Oltre la soglia dell’abbazia delle monache benedettine

Il richiamo di Viboldone

 Il richiamo di Viboldone  DCM-011
07 dicembre 2024

La Messa è finita ma l’assemblea non si scioglie. Seguendo le diciannove monache, la comunità di qualche decina di donne e uomini di ogni età si trasferisce sulla spianata antistante la chiesa. Intorno, il sole di mezzogiorno accende le risaie e i campi di mais di Viboldone, frazione di San Giuliano Milanese. La meccanizzazione nella coltivazione dei campi, negli ultimi decenni ha svuotato le cascine. Il borgo, antichissimo, si è fatto fantasma.
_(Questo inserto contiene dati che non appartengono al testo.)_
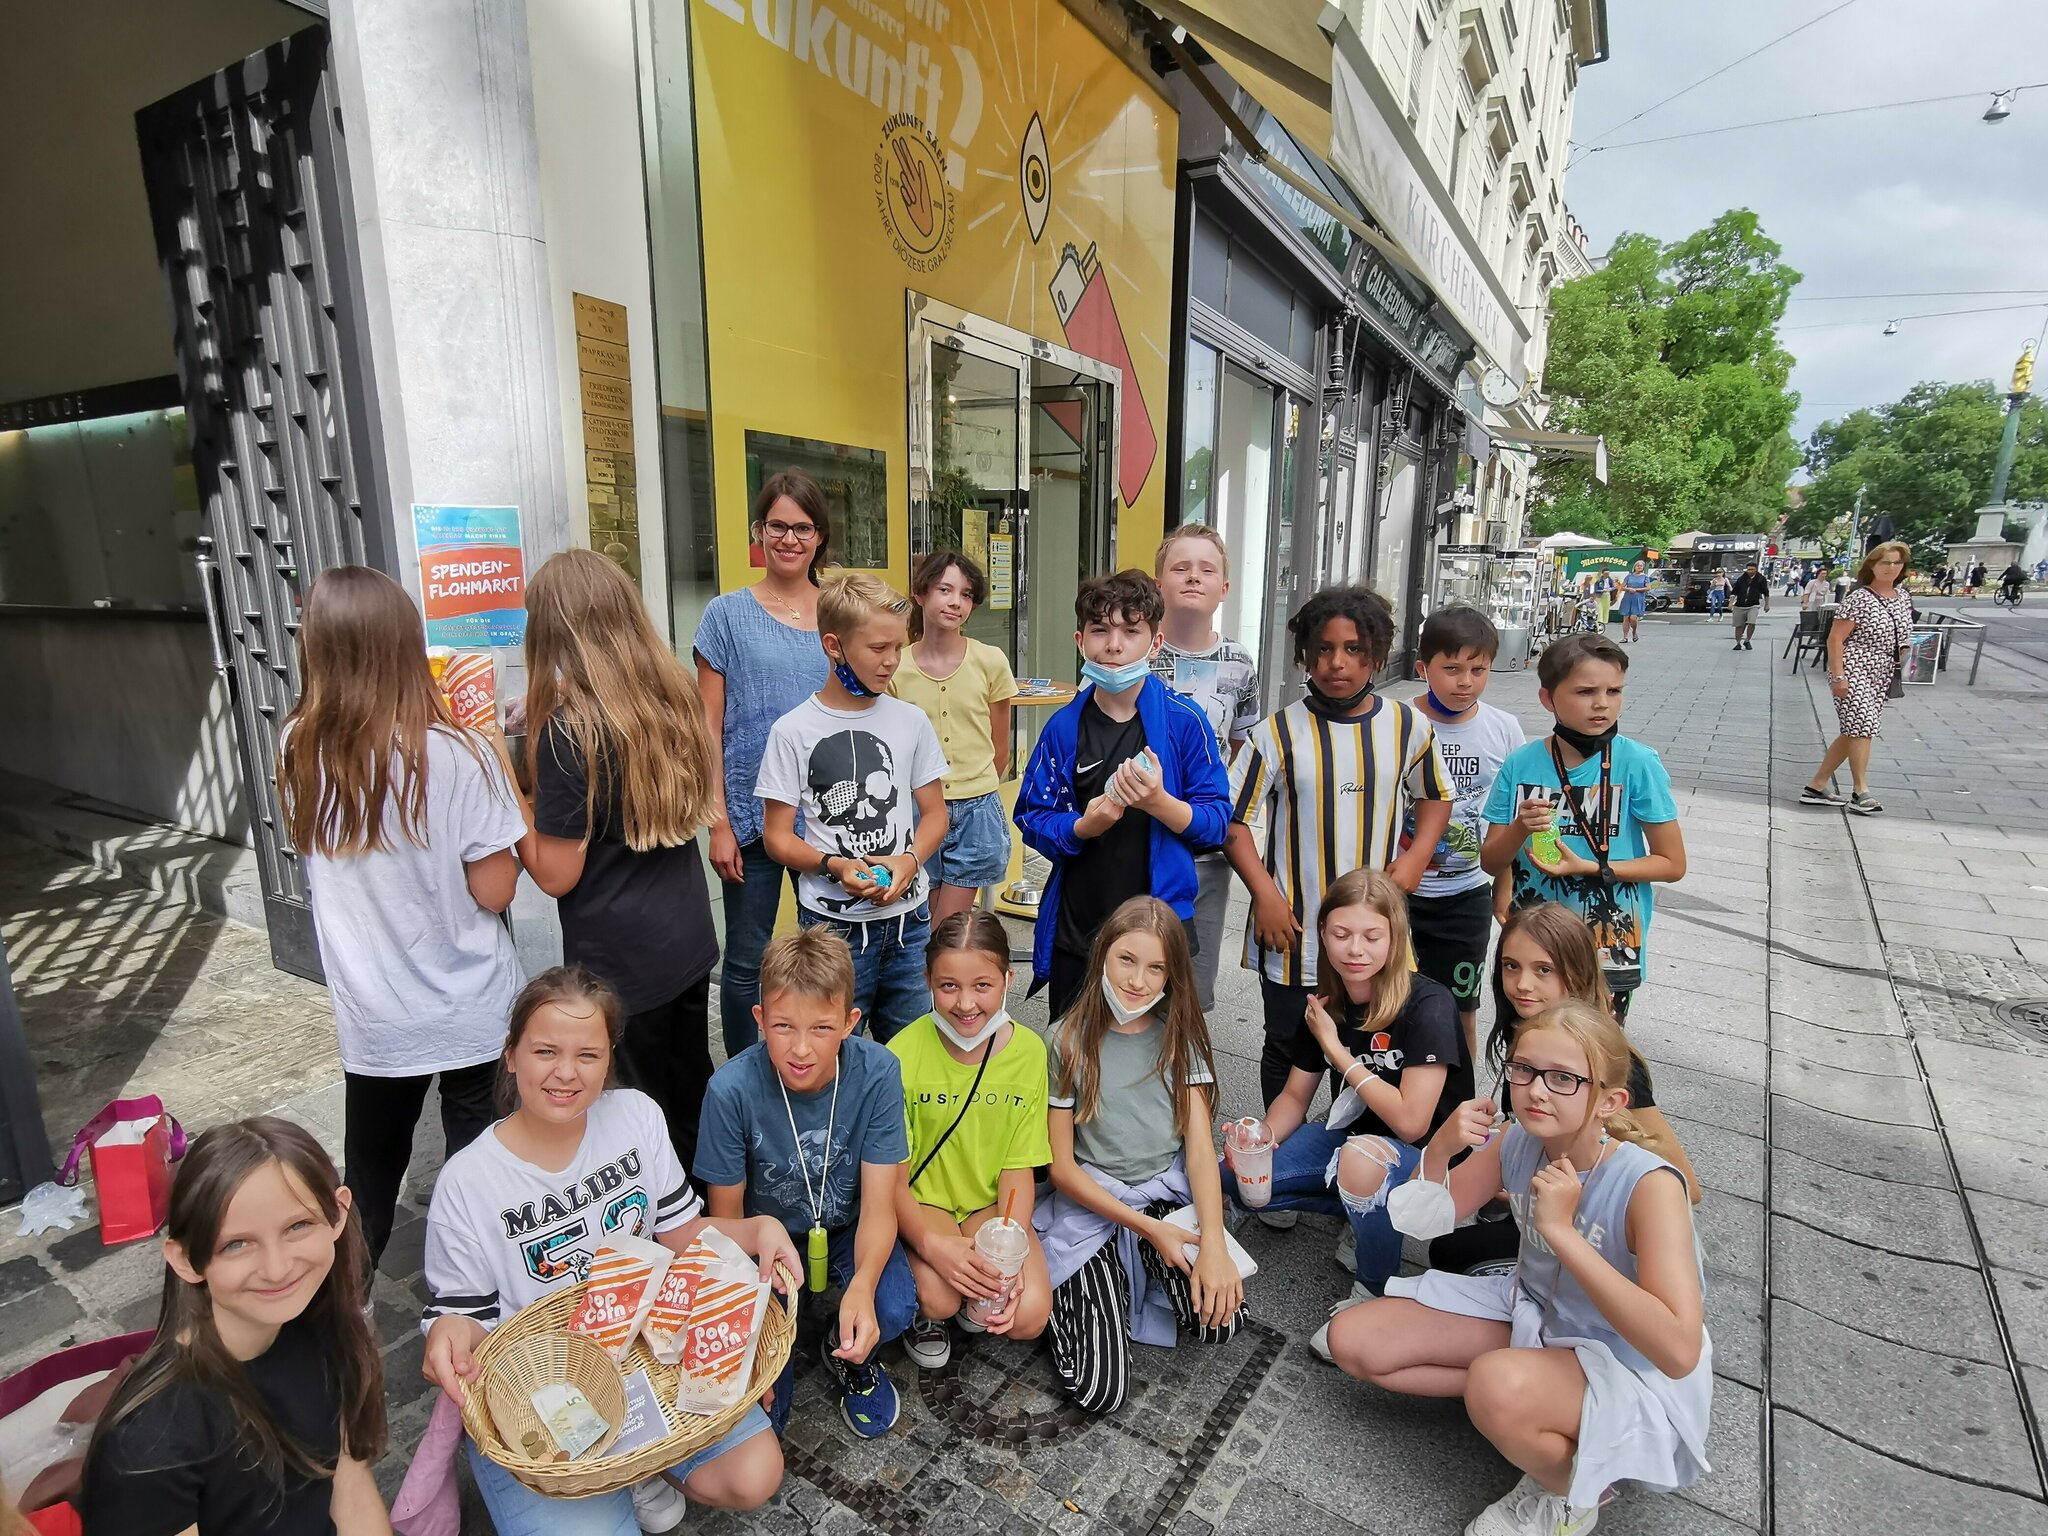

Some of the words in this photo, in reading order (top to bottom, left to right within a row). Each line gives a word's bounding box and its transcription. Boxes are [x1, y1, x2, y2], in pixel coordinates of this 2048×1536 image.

[881, 112, 924, 140] ZUKUNFT
[925, 130, 948, 173] SÄEN
[873, 153, 883, 184] 800
[875, 189, 894, 239] JAHRE
[892, 237, 926, 274] DIÖZESE
[1406, 182, 1500, 350] KIRCHENECK
[1365, 263, 1419, 331] CALZEDONIA
[428, 576, 521, 600] FLOHMARKT
[430, 560, 511, 581] SPENDEN-
[1441, 743, 1461, 756] EEP
[1446, 757, 1478, 775] VING
[501, 1147, 643, 1240] MALIBU
È rimasta solo la Domus di cotto lombardo – così venne chiamata all’inizio l’Abbazia delle Benedettine dei santi Pietro e Paolo, uno dei più importanti complessi medievali lombardi, volutamente differenziata dalle solenni strutture monastiche - a vegliare sulla porta di entrata alla Babele metropolitana. Milano è poco oltre, a una manciata di fermate di metropolitana. Nella Terra di Mezzo tra Lombardia e mondi, la Domus offre al pellegrino una sosta prima di immergersi nella frenesia urbana. «Come non domandarci, all’inizio di questo xxi secolo, il senso di questo insediamento alle porte della grande città?», s’interrogava il cardinale Carlo Maria Martini che qui ha maturato ispirazione per la prima lettera pastorale, La dimensione contemplativa della vita.
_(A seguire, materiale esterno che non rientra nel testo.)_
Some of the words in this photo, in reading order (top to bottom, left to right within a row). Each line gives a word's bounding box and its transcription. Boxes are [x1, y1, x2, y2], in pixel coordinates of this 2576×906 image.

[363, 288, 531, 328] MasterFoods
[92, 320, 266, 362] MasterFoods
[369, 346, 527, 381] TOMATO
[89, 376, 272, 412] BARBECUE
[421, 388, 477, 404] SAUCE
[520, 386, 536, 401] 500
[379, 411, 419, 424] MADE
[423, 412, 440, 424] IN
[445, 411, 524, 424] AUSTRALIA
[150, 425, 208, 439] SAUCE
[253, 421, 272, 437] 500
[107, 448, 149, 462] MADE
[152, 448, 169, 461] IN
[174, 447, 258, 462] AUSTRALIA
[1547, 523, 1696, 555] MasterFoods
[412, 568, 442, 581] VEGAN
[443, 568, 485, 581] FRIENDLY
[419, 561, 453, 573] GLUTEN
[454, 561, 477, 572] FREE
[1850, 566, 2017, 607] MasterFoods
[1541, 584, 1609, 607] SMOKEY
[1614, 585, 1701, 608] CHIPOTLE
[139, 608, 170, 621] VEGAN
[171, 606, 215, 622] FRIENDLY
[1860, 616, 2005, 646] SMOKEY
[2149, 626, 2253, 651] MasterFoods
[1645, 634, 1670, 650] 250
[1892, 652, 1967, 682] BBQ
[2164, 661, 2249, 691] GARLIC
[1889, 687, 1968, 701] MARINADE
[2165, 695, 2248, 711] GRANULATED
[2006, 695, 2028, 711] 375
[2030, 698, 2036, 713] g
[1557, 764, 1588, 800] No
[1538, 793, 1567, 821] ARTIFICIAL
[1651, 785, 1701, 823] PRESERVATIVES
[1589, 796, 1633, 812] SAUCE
La chiave dell’enigma sta nelle sue custodi, le “donne della soglia”. La Comunità delle Benedettine che lo abitano da oltre ottant’anni. Le prime trentacinque sono approdate al “nord”, letteralmente con la valigia di cartone, da Montefiolo, in provincia di Rieti (centro Italia), e dalle catacombe di Santa Priscilla in Roma, guidate da madre Maria Margherita Marchi e decise, con il sostegno della Santa Sede, a dare vita a una nuova realtà, di tipo monastico. A seguire i loro primi passi, insieme ai benedettini di San Girolamo, un giovane monaco spagnolo esule per la guerra civile, Aureli Maria Escarrè, futuro abate di Monserrat. Sono arrivate nel 1941, in piena seconda guerra mondiale. «È stato l’allora arcivescovo ambrosiano, il cardinale Alfredo Ildefonso Schuster, anche lui benedettino, a volere – dopo l’iniziale sorpresa e perplessità - la nostra presenza qui, nella Bassa padana», racconta madre Maria Ignazia Angelini, teologa esperta di spiritualità e badessa per ventitré dei sessant’anni esatti trascorsi a Viboldone.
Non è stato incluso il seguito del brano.